What especially irked the Brexiteers was an article he wrote in the Times on Wednesday in which he explained his refusal to spend money on contingency plans for a world after March 2019 in which no deal had been struck and Britain was having to face, for example, setting up a whole new system of customs arrangements and a very great deal else. He said he would spend such money only ‘when it’s responsible to do so’.
Some Brexiteers said this proved Mr Hammond wasn’t serious about trying to secure the best deal for Britain. Their argument is that in any negotiation it is vital to persuade the other said that you are serious about being ready to walk away from the table. In this case, they say, that can be achieved only by showing the EU’s negotiators that you are already making serious contingency plans to do just that and starting to spend money on them is the evidence needed to prove it.
Others take a less tactical but more fundamental view of the matter. They argue that an acceptable deal is unlikely or even that no deal is better than any conceivable deal.

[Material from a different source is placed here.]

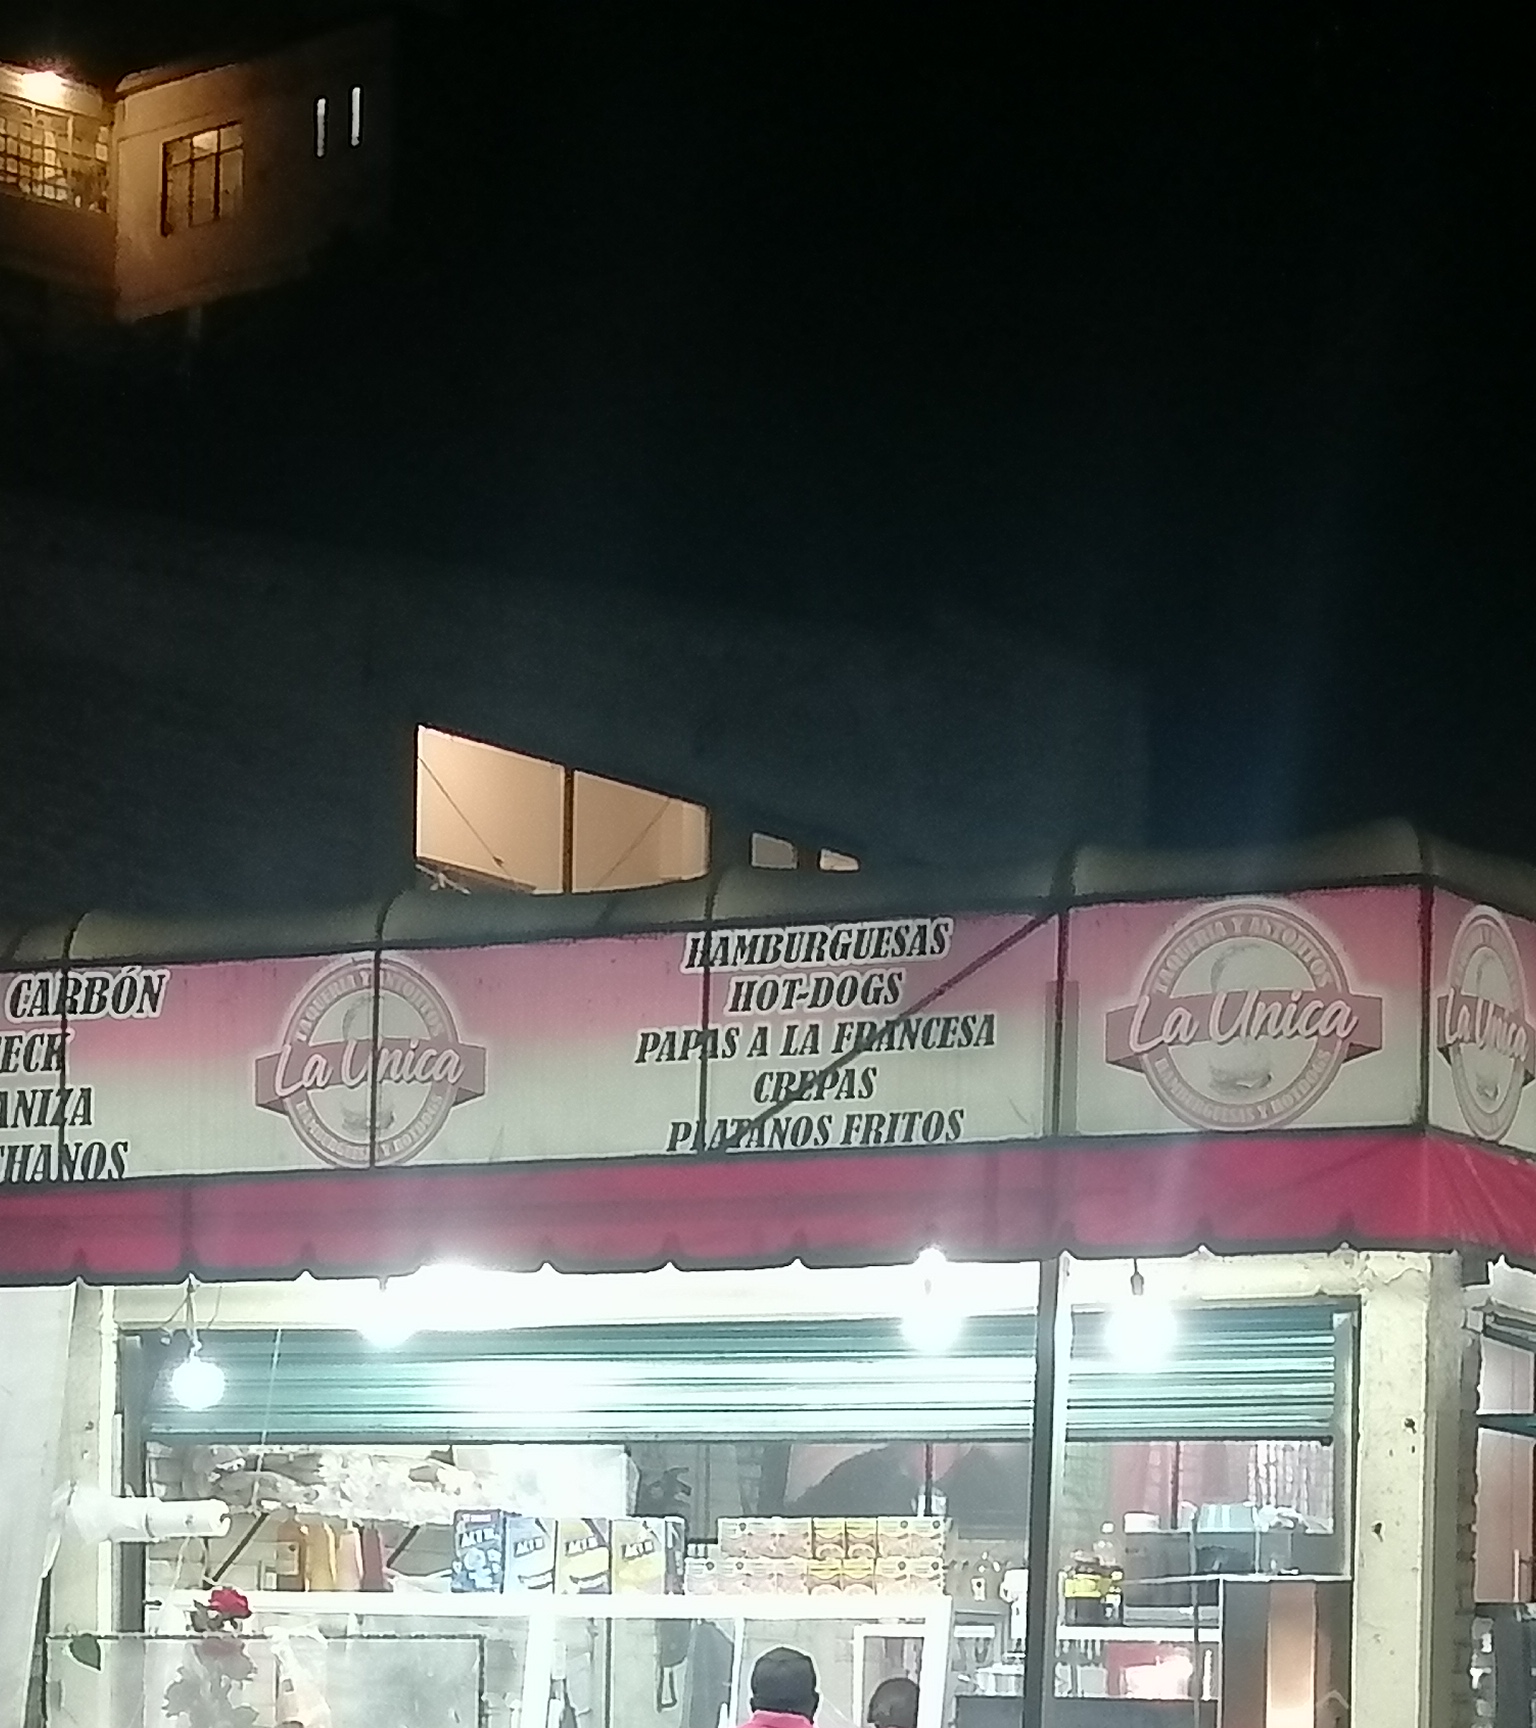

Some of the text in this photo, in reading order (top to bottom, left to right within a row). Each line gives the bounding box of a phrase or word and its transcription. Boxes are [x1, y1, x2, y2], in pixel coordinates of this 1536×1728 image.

In either case, they say, it is vital to start spending now on measures to minimise any disruption caused by an abrupt exit from the EU.

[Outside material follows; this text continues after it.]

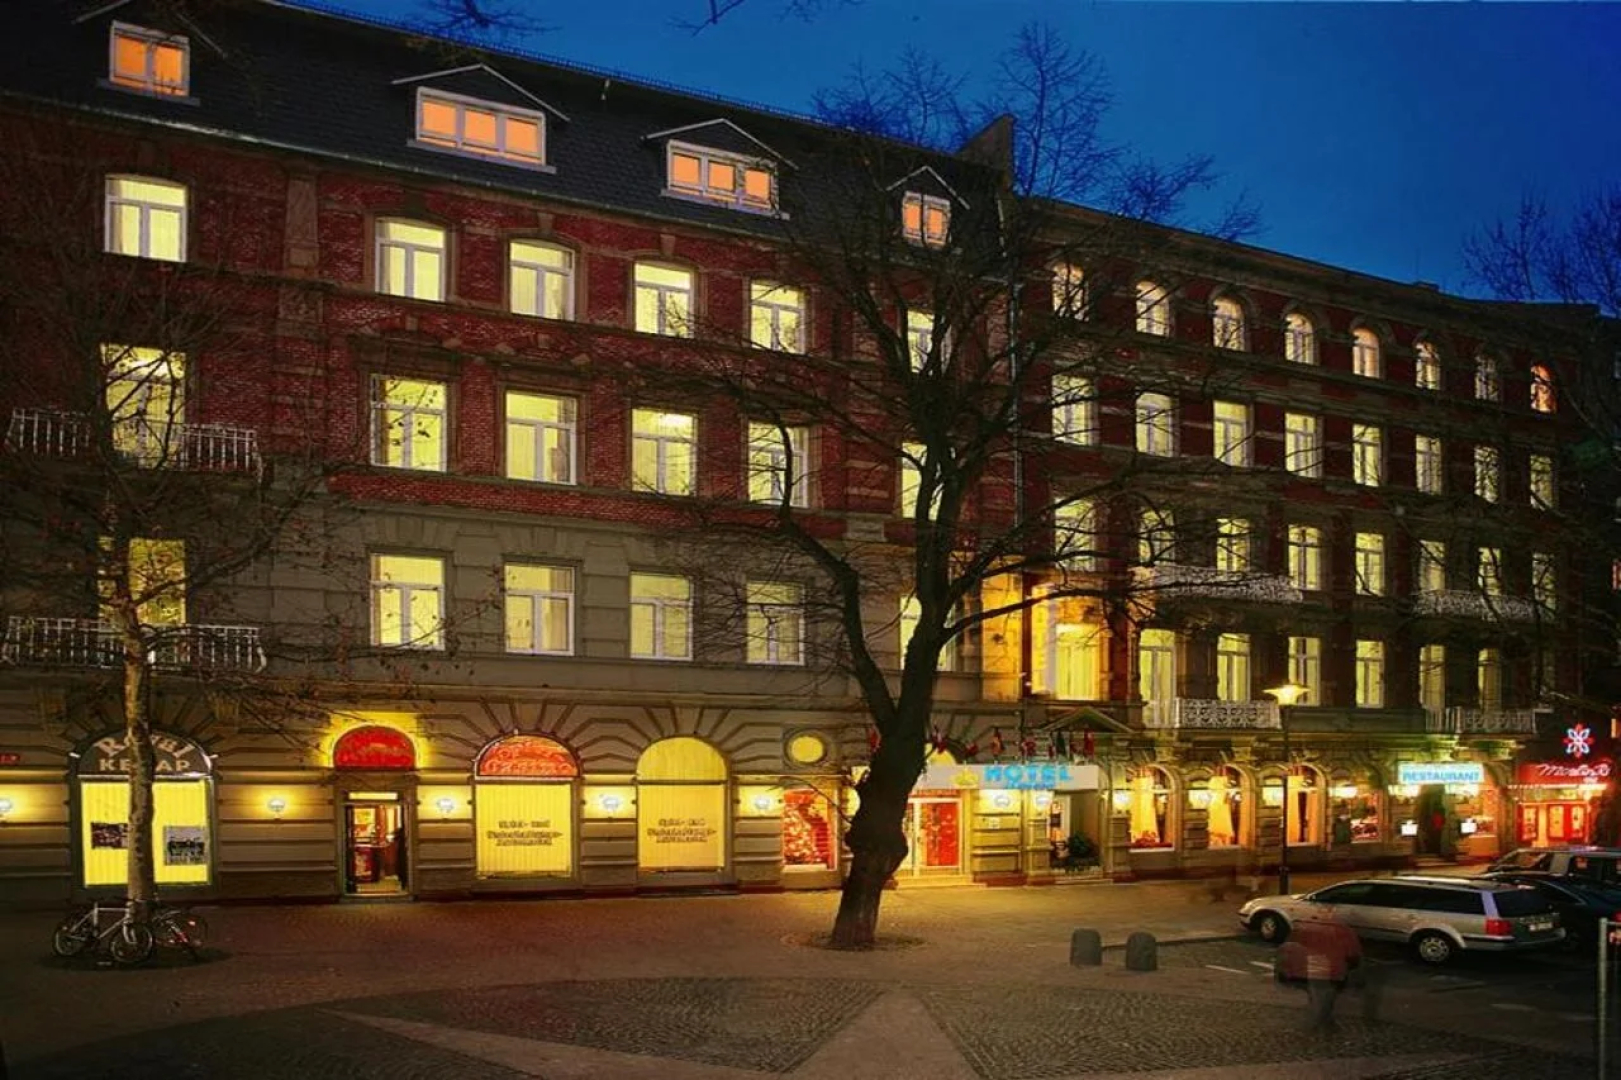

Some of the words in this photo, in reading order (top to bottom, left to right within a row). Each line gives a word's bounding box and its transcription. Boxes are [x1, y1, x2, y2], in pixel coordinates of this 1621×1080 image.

[99, 759, 190, 771] KEAP
[984, 764, 1073, 782] HOTEL
[1402, 770, 1480, 782] RESTAURANT

Such a view was articulated by the former Tory chancellor, Lord Lawson. He said: ‘The really important thing now is that we prepare for the no-deal outcome and it is grossly irresponsible if we don’t.’ When asked whether Mr Hammond should continue in his job, Lord Lawson said: ‘I fear not … I fear that he is unhelpful. He may not intend it but in practice what he is doing is very close to sabotage’.
Supporters of the Chancellor reject all this. They argue that at a time of huge pressure on public spending, with demands for extra funds coming from all directions, the irresponsible thing to do would be to ‘waste’ scarce money on planning for an eventuality that may never come about. The Chancellor himself dismissed the idea that he should do so ‘just to make a demonstration point’ to EU negotiators.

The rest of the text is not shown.